Exercise details:
Could you repeat the records below exactly, leaving the pictures out?

Input data:
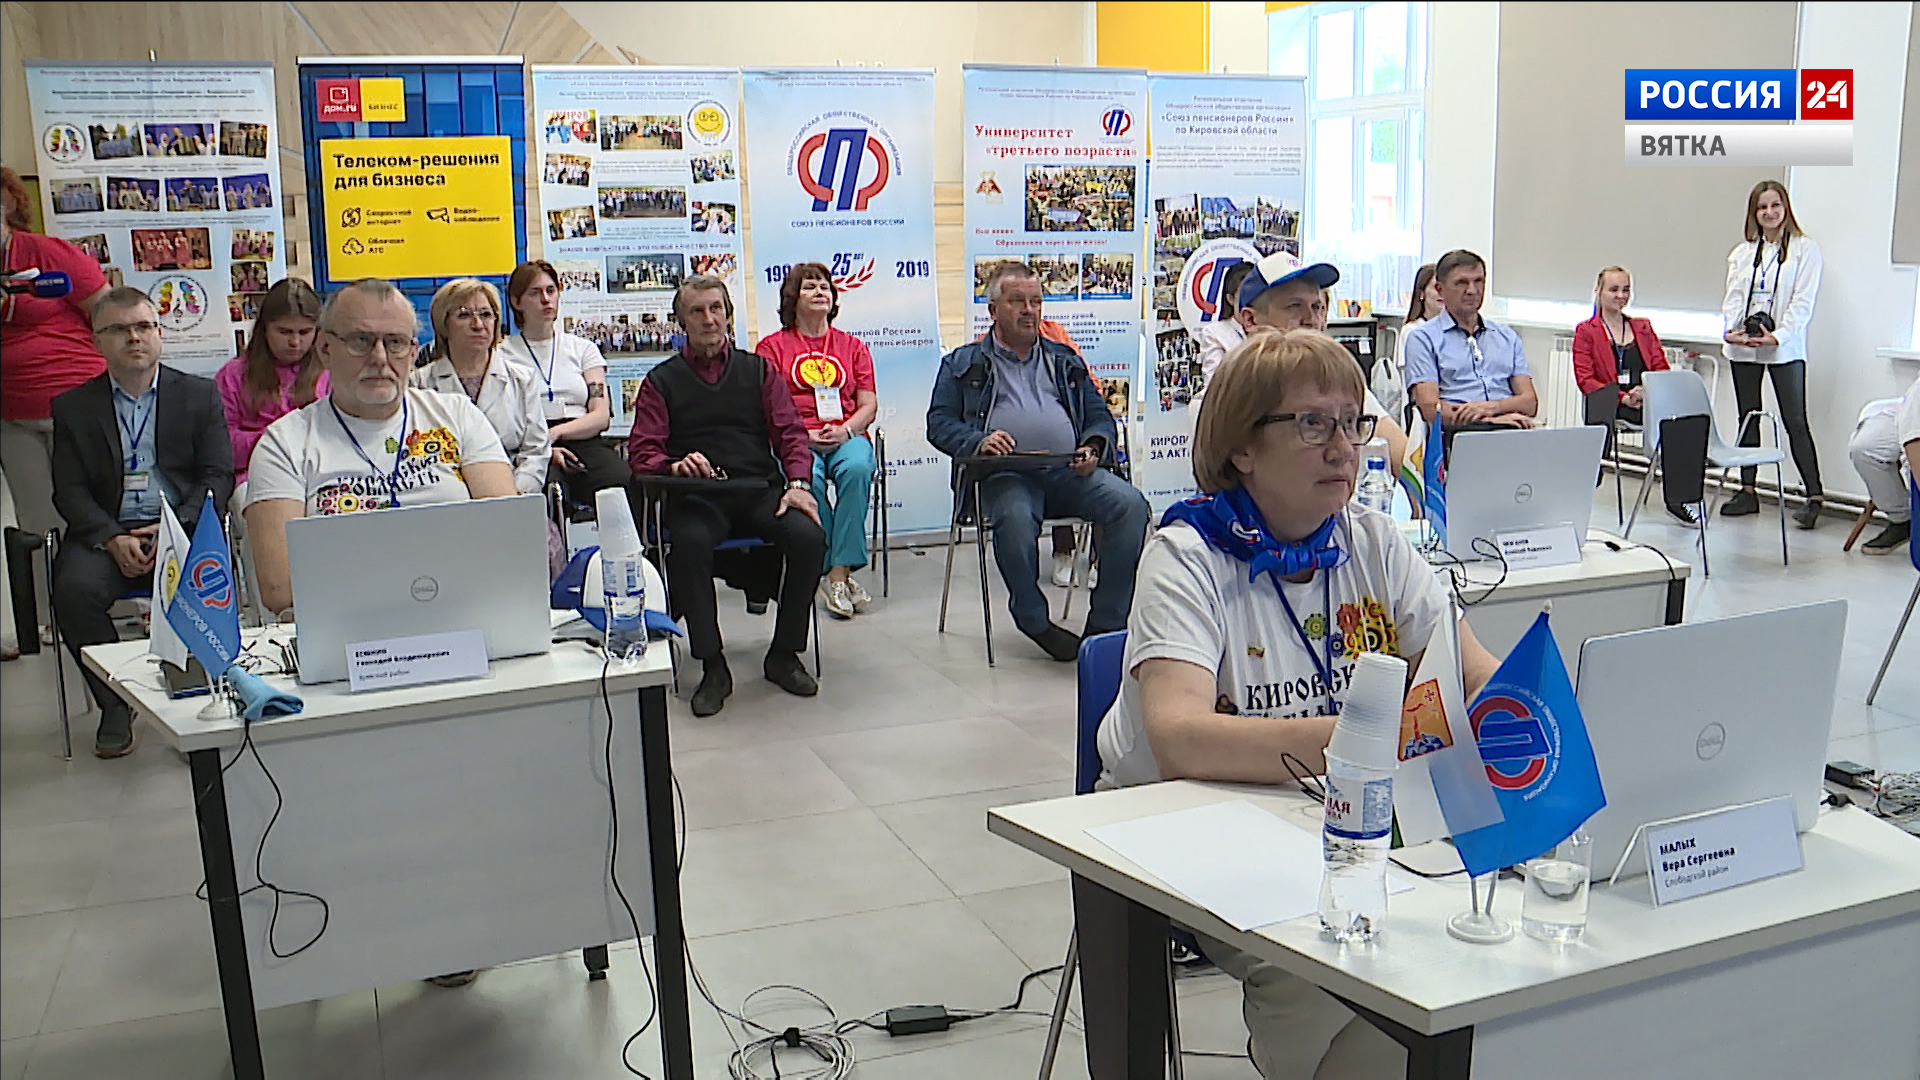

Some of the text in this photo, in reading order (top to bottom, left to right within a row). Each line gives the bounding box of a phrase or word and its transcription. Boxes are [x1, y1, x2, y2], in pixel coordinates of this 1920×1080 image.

[1161, 112, 1294, 123] «Союз пенсионеров России»
[975, 126, 1074, 140] Университет
[1190, 126, 1238, 135] Кировской
[1240, 126, 1278, 135] области
[986, 145, 1137, 159] «третьего возраста»
[333, 153, 500, 169] Телеком-решения
[334, 172, 446, 190] для бизнеса
[791, 217, 905, 228] СОЮЗ ПЕНСИОНЕРОВ РОССИИ
[831, 253, 852, 276] 25
[896, 261, 930, 278] 2019
[1245, 663, 1356, 710] КИРОВСК
[1659, 838, 1696, 856] МАЛЫХ
[1663, 847, 1735, 872] Вера Сергеевна
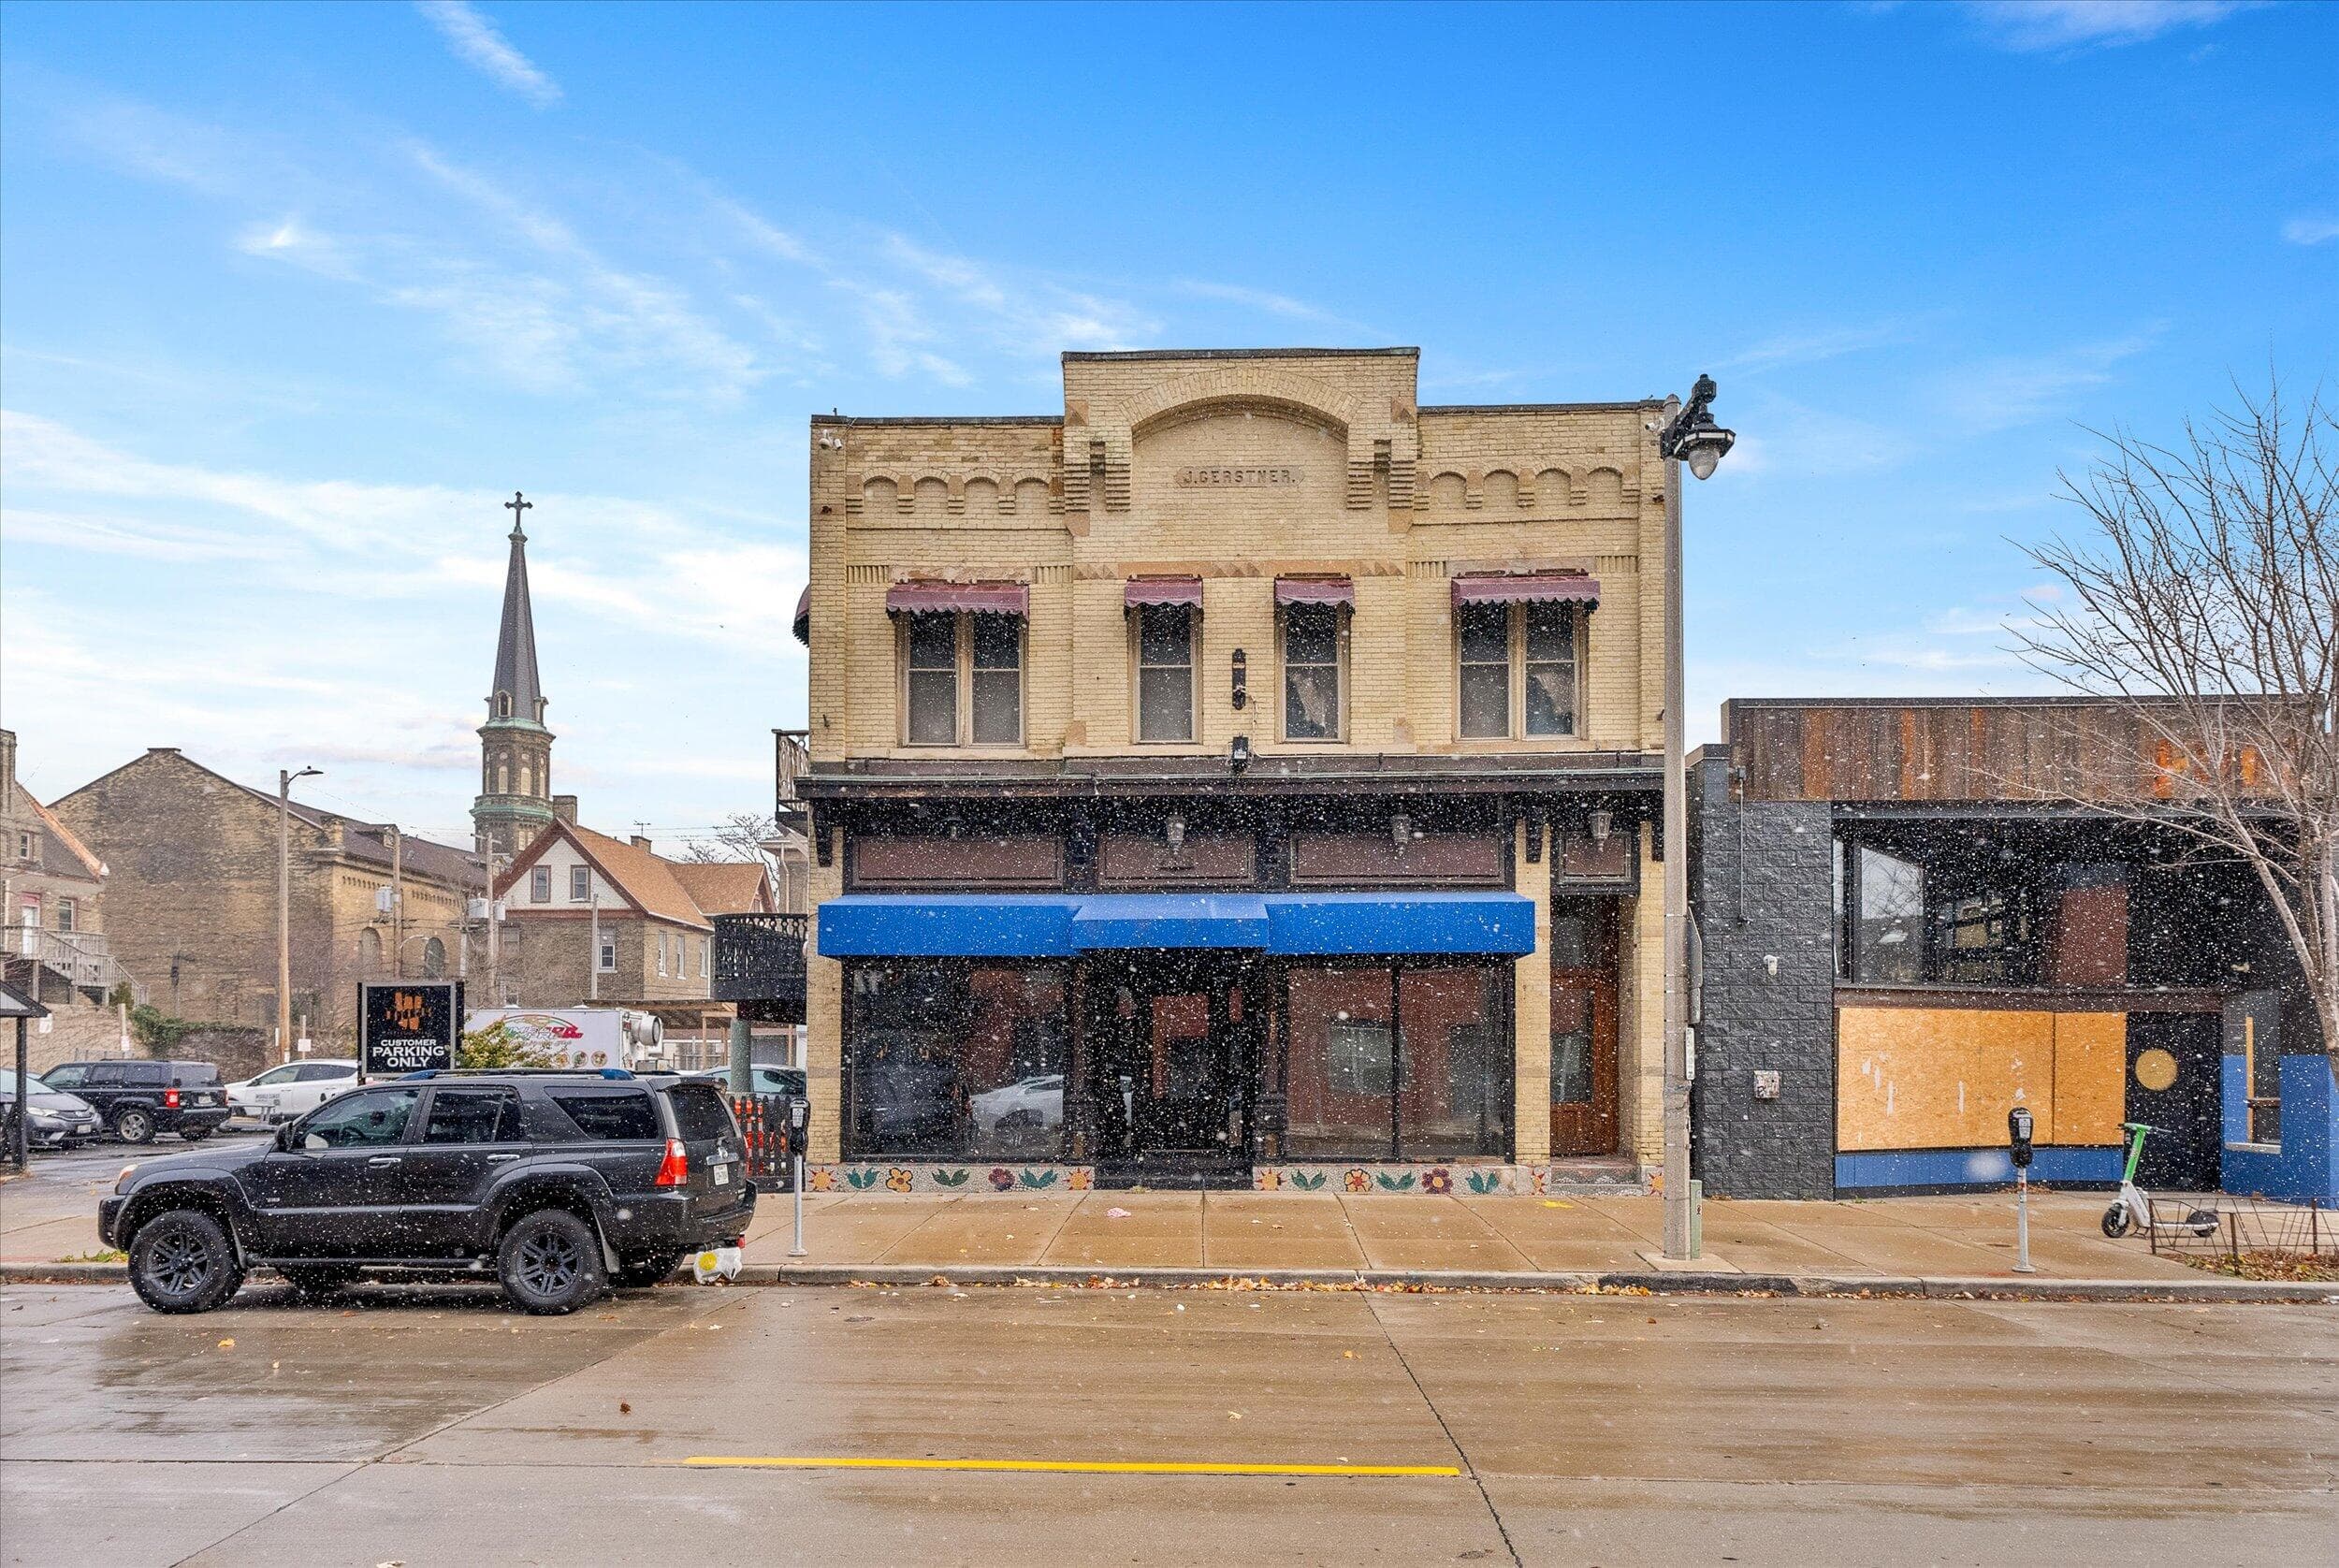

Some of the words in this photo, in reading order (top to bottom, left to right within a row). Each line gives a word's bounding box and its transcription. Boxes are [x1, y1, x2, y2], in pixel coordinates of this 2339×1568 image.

[380, 1038, 437, 1047] CUSTOMER
[372, 1046, 445, 1057] PARKING
[386, 1056, 430, 1067] ONLY
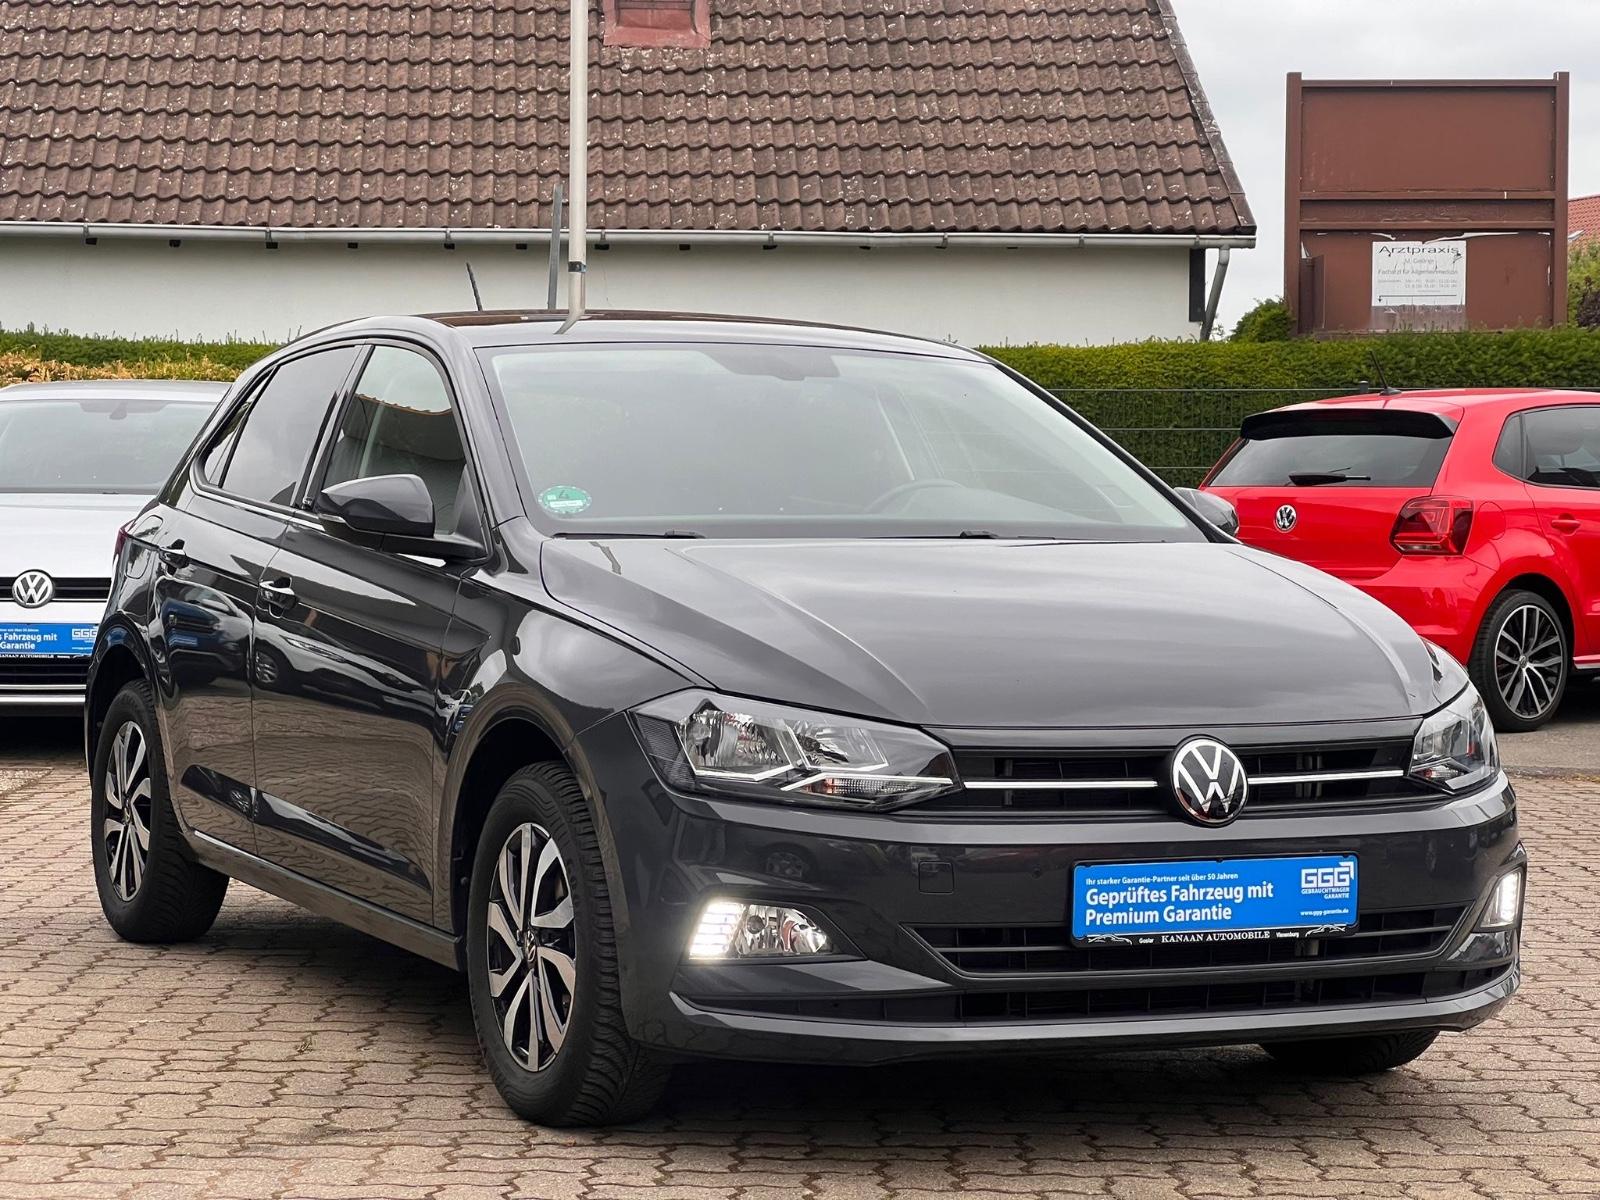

Exercise output:
Some of the text in this photo, in reading order (top to bottom, left to right within a row). Each line gives the bounding box of a phrase or word and its transcription. Boxes are [x1, y1, x2, y2], in pixel coordinates of this 1920×1080 image.

[1161, 112, 1294, 123] «Союз пенсионеров России»
[975, 126, 1074, 140] Университет
[1190, 126, 1238, 135] Кировской
[1240, 126, 1278, 135] области
[986, 145, 1137, 159] «третьего возраста»
[333, 153, 500, 169] Телеком-решения
[334, 172, 446, 190] для бизнеса
[791, 217, 905, 228] СОЮЗ ПЕНСИОНЕРОВ РОССИИ
[831, 253, 852, 276] 25
[896, 261, 930, 278] 2019
[1245, 663, 1356, 710] КИРОВСК
[1659, 838, 1696, 856] МАЛЫХ
[1663, 847, 1735, 872] Вера Сергеевна

Some of the words in this photo, in reading order (top to bottom, left to right within a row). Each line gives a word's bounding box and its transcription. Boxes are [x1, y1, x2, y2], in pixel coordinates of this 2339×1568 image.

[380, 1038, 437, 1047] CUSTOMER
[372, 1046, 445, 1057] PARKING
[386, 1056, 430, 1067] ONLY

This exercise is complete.